Vince Lombardi is often quoted as saying “Winning isn’t everything, it’s the only thing.” (It was actually UCLA Bruins coach Henry Russell who said it but, hey, facts today can be whatever you want them to be.)
It seems an obsession with winning has grabbed our politics and shaken all interest in governing and public service right out of it. And it’s not just winning, but winning at any cost.
Ten years ago David Callahan wrote a distressing book called The Cheating Culture: Why More Americans are Doing Wrong to Get Ahead. He presented countless examples of how the “me first” generation’s self serving values had contributed to a winner take all mentality and had so corrupted the social rules that cheating to get ahead was not only acceptable but systemically encouraged, at least by and for those at the top. His premise: As long as you win, cheating is forgiven. His explication of unspoken rules in professions like business, law, medicine, and sports that practically required cheating to succeed rang true and was depressing.

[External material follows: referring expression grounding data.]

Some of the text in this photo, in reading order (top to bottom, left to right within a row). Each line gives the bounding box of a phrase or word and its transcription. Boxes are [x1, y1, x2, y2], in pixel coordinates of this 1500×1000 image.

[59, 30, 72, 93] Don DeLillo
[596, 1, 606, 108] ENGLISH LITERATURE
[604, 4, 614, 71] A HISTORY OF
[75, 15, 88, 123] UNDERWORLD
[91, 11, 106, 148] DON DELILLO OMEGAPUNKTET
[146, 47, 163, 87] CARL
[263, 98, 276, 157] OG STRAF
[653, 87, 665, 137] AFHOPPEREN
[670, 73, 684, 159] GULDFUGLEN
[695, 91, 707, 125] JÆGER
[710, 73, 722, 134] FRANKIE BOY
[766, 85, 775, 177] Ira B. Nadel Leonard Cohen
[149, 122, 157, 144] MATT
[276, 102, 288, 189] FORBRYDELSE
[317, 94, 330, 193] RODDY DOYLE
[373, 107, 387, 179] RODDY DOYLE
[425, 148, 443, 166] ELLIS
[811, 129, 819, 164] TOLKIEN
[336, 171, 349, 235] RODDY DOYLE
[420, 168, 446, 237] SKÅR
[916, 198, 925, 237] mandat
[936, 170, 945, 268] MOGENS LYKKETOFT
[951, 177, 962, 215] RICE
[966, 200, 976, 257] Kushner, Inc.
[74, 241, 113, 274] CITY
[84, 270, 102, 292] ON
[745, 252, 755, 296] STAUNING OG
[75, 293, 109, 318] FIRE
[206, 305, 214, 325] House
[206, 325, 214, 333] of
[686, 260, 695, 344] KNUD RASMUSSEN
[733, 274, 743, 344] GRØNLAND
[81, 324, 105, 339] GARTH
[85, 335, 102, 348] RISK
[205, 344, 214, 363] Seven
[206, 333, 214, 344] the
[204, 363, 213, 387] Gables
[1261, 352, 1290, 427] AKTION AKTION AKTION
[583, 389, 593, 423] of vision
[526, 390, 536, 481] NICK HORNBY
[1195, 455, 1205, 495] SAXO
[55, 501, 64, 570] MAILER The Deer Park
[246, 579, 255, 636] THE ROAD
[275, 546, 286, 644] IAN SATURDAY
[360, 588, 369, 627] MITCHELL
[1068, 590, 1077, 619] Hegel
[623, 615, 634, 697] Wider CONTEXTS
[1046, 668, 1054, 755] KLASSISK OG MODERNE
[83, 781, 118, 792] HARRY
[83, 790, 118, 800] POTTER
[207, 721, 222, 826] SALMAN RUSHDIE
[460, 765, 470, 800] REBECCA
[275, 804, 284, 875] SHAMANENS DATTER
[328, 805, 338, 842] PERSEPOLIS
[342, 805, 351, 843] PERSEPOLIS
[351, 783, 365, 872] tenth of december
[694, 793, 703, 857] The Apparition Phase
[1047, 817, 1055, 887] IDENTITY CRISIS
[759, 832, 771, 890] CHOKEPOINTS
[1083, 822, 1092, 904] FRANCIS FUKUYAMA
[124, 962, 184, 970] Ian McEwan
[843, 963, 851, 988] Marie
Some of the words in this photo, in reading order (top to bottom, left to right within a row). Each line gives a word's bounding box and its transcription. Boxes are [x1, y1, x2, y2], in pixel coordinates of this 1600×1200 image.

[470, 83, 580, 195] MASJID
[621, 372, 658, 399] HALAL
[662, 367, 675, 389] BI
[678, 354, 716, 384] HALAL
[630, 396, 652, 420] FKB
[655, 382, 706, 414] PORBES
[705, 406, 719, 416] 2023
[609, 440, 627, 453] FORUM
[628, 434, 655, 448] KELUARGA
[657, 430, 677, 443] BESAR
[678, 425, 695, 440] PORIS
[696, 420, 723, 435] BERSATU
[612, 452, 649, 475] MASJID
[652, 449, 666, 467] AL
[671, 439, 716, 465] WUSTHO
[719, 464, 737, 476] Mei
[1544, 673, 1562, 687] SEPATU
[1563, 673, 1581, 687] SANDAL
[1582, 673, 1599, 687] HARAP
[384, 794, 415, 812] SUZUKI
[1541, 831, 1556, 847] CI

It has been evident at least since the rise of Newt Gingrich that the ends in politics were justifying almost any means. National partisan politics devolved into all out warfare, fights to the finish. Where once the rule was if you can’t beat ‘em compromise, now it’s if you can’t beat ‘em give no quarter and do everything possible to keep them from gaining any ground. Somehow, national partisan politics moved from horse trading, a system in which everyone gets a little something, to a zero sum game where losers, which can be half the country, get nothing.

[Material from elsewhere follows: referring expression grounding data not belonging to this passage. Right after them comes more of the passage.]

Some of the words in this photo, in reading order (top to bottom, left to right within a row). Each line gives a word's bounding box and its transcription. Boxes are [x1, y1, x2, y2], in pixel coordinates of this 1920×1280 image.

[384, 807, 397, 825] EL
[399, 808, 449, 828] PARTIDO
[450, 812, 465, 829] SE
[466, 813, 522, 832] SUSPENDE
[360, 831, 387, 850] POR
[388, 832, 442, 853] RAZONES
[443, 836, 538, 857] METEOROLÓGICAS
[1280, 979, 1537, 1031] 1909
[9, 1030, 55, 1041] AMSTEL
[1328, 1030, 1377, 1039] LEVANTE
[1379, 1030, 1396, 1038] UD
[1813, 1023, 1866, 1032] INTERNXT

The Parties are not equally to blame for this, but both do participate.
Our new president is both a product and a caricature of our national obsession with winning. By convincing Americans that they were loosing on every front—to Mexicans, Muslims, China, urban elite, and the Washington establishment–he created a constituency of voters willing to tear down the existing social and political order in hopes of coming out on top. And, while Mr. Trump is not particularly partisan in his personal politics, winning is so important to his psychological identity that he fabricates scenarios in which he is the best and on top; and “loser” is the worst name he can think to call his enemies.
Are we doomed to a downward spiraling political system of combat where opponents are not partners in governance but enemies to be vanquished? The evidence suggests the answer is yes, at least for the foreseeable future.

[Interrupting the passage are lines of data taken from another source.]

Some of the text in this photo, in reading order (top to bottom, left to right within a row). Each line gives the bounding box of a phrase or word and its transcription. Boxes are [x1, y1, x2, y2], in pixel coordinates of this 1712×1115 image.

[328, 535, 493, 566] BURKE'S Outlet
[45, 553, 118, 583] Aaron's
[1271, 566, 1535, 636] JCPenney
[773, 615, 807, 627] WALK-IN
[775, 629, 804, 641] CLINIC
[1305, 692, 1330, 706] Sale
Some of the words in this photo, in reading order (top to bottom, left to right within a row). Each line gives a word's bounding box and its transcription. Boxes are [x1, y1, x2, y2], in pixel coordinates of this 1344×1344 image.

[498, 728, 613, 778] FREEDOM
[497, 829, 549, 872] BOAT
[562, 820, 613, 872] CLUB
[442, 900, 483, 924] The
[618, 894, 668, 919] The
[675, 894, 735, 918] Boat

From an Administration now dominated by angry men with axes to grind and grievances to redress the tone is combative, vindictive, and threatening. We probably won’t be seeing leadership for healing divisions or building social unity from them. To the contrary, the White House and Congressional Republicans appear ready to take from the left as much as they can as fast as they can while they can. When one side declares war and moves to battle, the other, if the stakes matter, has little choice but to do the same.
So where can we look for change? To ourselves, to we the people?
Yes, of course, start with ourselves, but it won’t be easy. With hyper-partisanship and its ubiquitous use in fundraising has come a trickle down of ideological polarization and self-segregation. Confounded and compounded by confirmation bias, politicized citizens are encamped. We don’t know each other and most of us don’t really want to even when we say we do; we don’t speak with “them” because we are convinced they don’t care and will not listen or understand if we try. Now we have the added challenge of trying to make peace with our neighbors while girding for battle. Is it possible to do both at the same time? I don’t know.
Since attacks from the Trump Administration are coming on so many fronts it seems possible we could find common cause with our “other” neighbors on some issues. Social Security and Medicare come to mind, or net neutrality. Maybe some conservatives would oppose repealing the ACA without a replacement, or defunding the Corporation for Public Broadcasting or the Endowment for the Humanities. Can we make new connections and alliances and collaborate on less partisan issues? For liberals as well as conservatives it might require stepping outside of partisan identity politics and looking afresh at specific issues. Can we do that?
I intend to try, and will report on the effort.